| EXERCISE |
Should an entry contain an image, omit it and repeat the rest exactly.

--- START ---

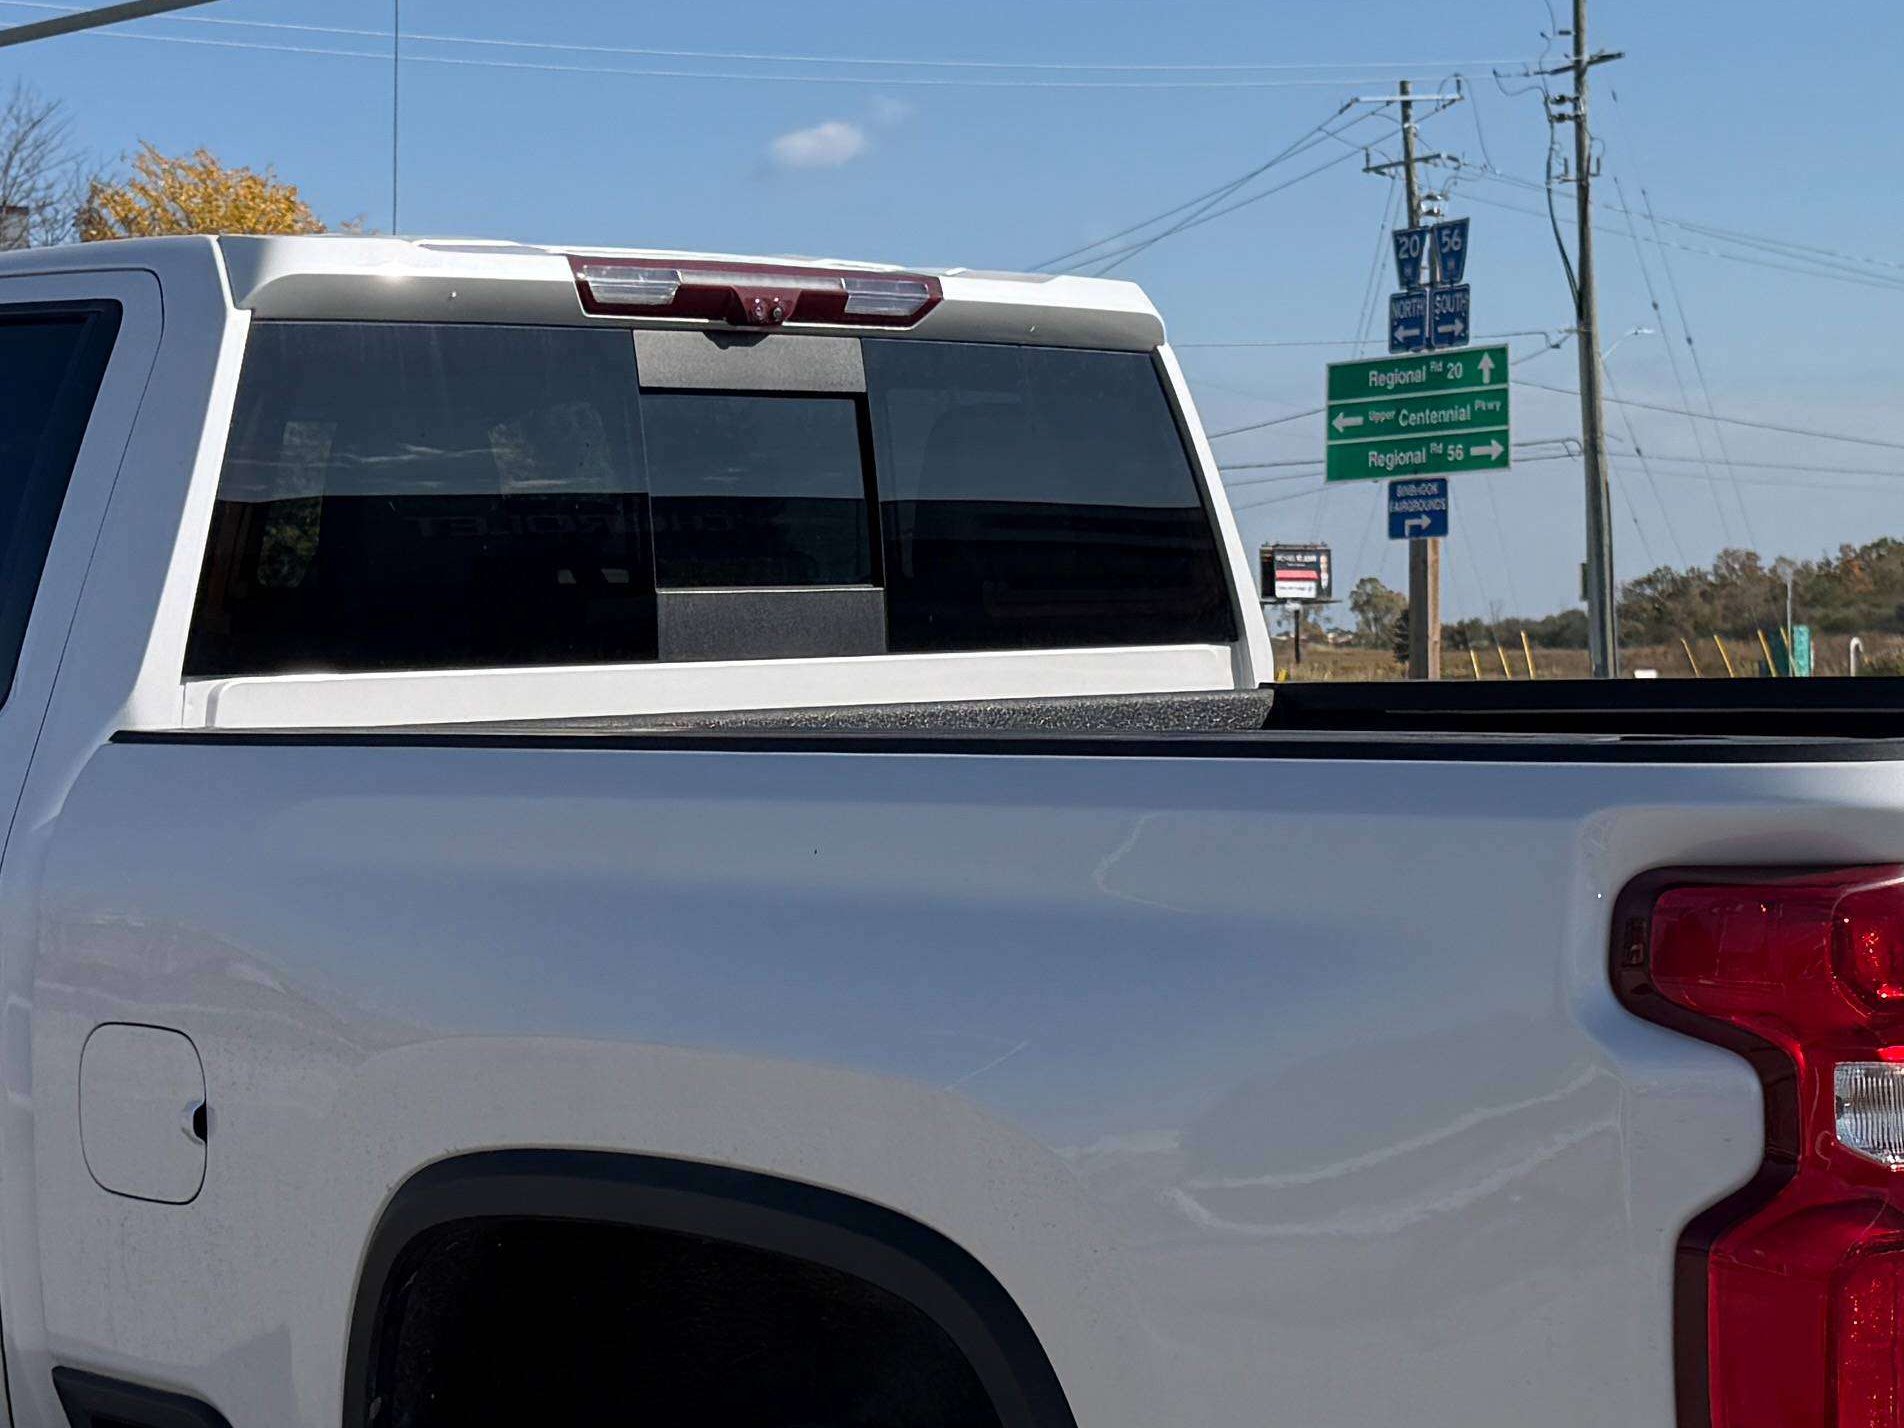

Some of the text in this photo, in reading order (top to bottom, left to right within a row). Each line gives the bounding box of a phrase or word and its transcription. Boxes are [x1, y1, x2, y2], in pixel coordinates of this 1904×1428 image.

[1397, 234, 1420, 259] 20
[1441, 228, 1462, 253] 56
[1393, 297, 1426, 319] NORTH
[1435, 292, 1467, 315] SOUTH
[1369, 361, 1463, 389] Regional Rd 20
[1368, 399, 1502, 427] Upper Centennial Pkwy
[1368, 443, 1464, 471] Regional Rd 56
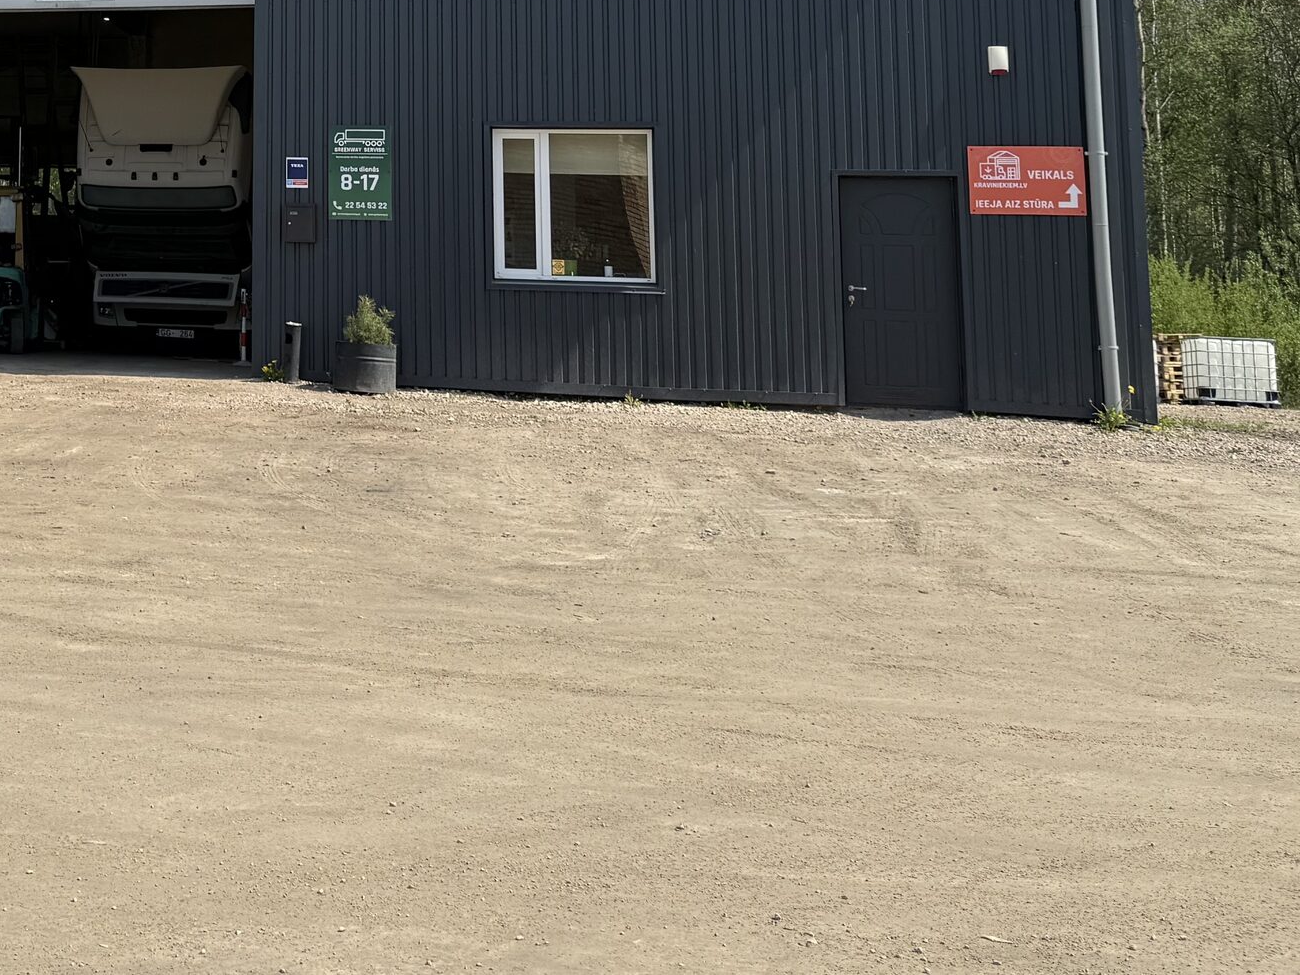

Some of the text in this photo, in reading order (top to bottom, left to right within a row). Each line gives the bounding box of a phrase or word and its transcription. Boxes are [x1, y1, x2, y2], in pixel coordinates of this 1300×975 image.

[1028, 170, 1074, 179] VEIKALS
[341, 174, 379, 191] 8-17
[976, 198, 1054, 209] IEEJA AIZ STŪRA
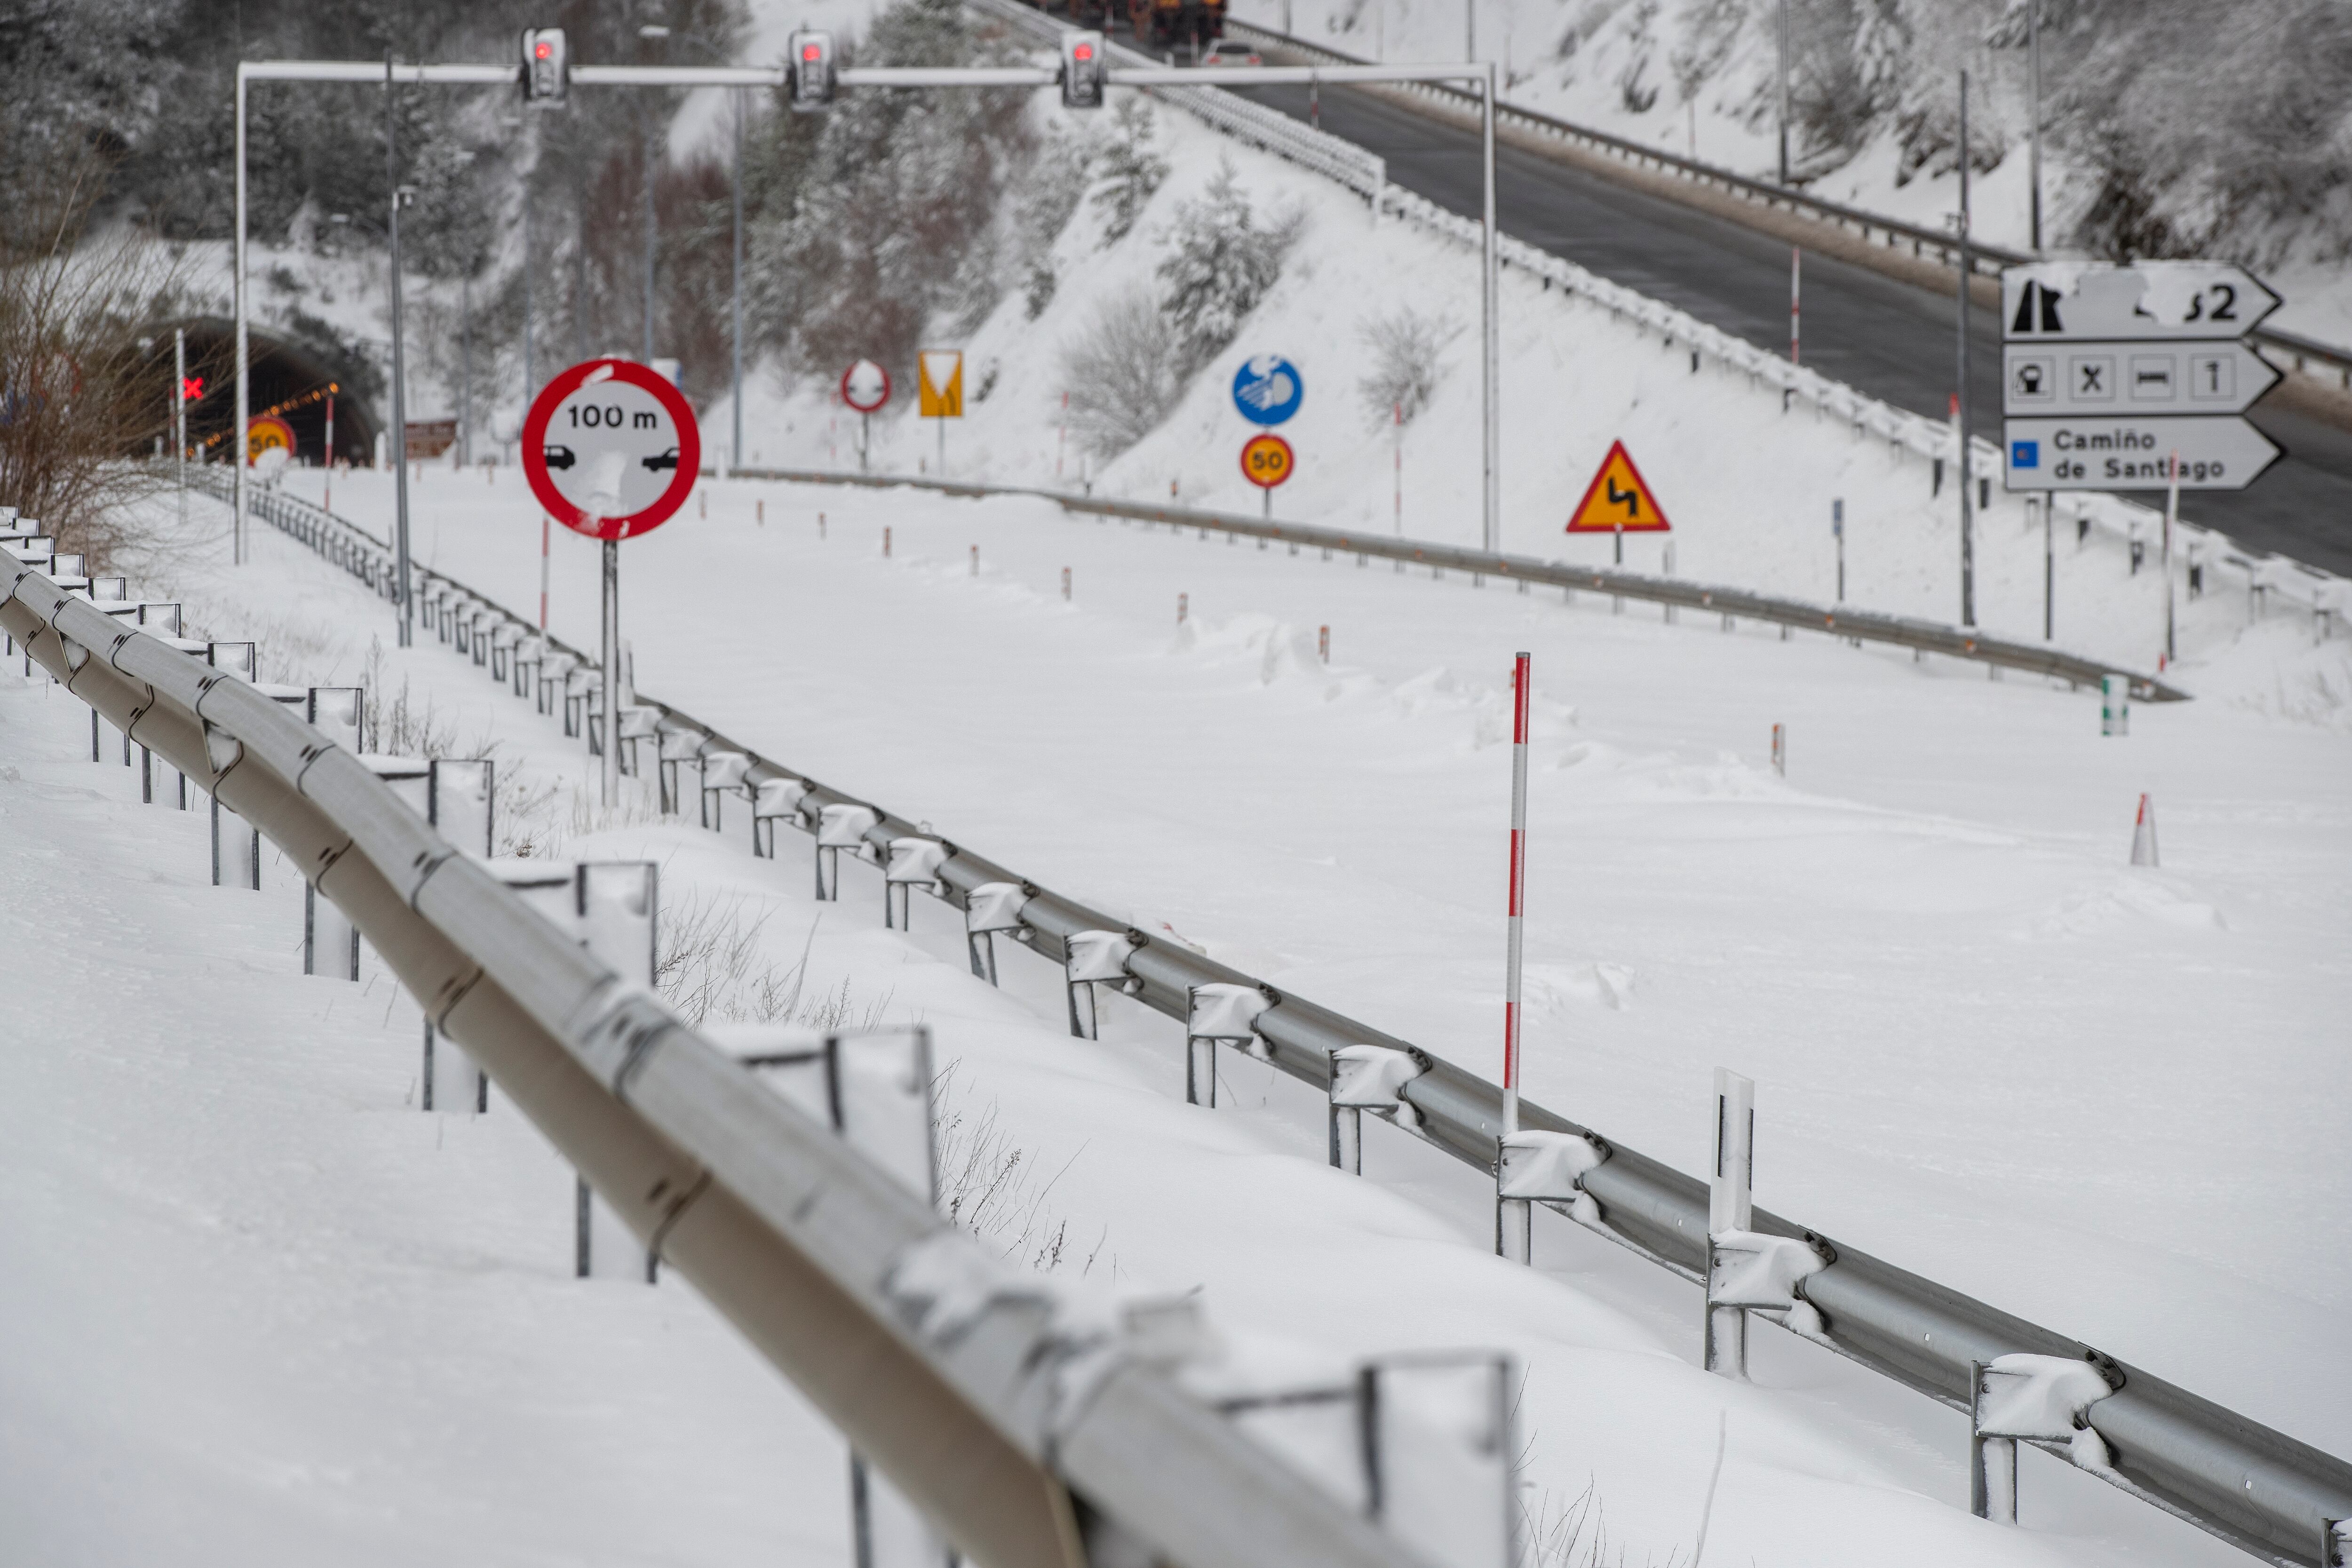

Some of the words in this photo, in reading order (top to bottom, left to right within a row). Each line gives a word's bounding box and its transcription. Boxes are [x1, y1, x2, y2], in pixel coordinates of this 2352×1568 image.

--- END ---

| THE ANSWER |
Some of the text in this photo, in reading order (top to bottom, left to right within a row). Each line gives the bounding box of a phrase or word and its transcription. Boxes are [x1, y1, x2, y2], in pixel coordinates of this 1904×1428 image.

[1397, 234, 1420, 259] 20
[1441, 228, 1462, 253] 56
[1393, 297, 1426, 319] NORTH
[1435, 292, 1467, 315] SOUTH
[1369, 361, 1463, 389] Regional Rd 20
[1368, 399, 1502, 427] Upper Centennial Pkwy
[1368, 443, 1464, 471] Regional Rd 56

Some of the text in this photo, in reading order (top to bottom, left to right within a row). Each line gives the bounding box of a phrase or word and its transcription. Boxes are [x1, y1, x2, y2], in pixel coordinates of this 1300×975 image.

[1028, 170, 1074, 179] VEIKALS
[341, 174, 379, 191] 8-17
[976, 198, 1054, 209] IEEJA AIZ STŪRA

Some of the words in this photo, in reading order (top to bottom, left to right within a row). Each line gives a word's bounding box and its transcription. Boxes are [x1, y1, x2, y2], in pixel coordinates of this 2352×1568 image.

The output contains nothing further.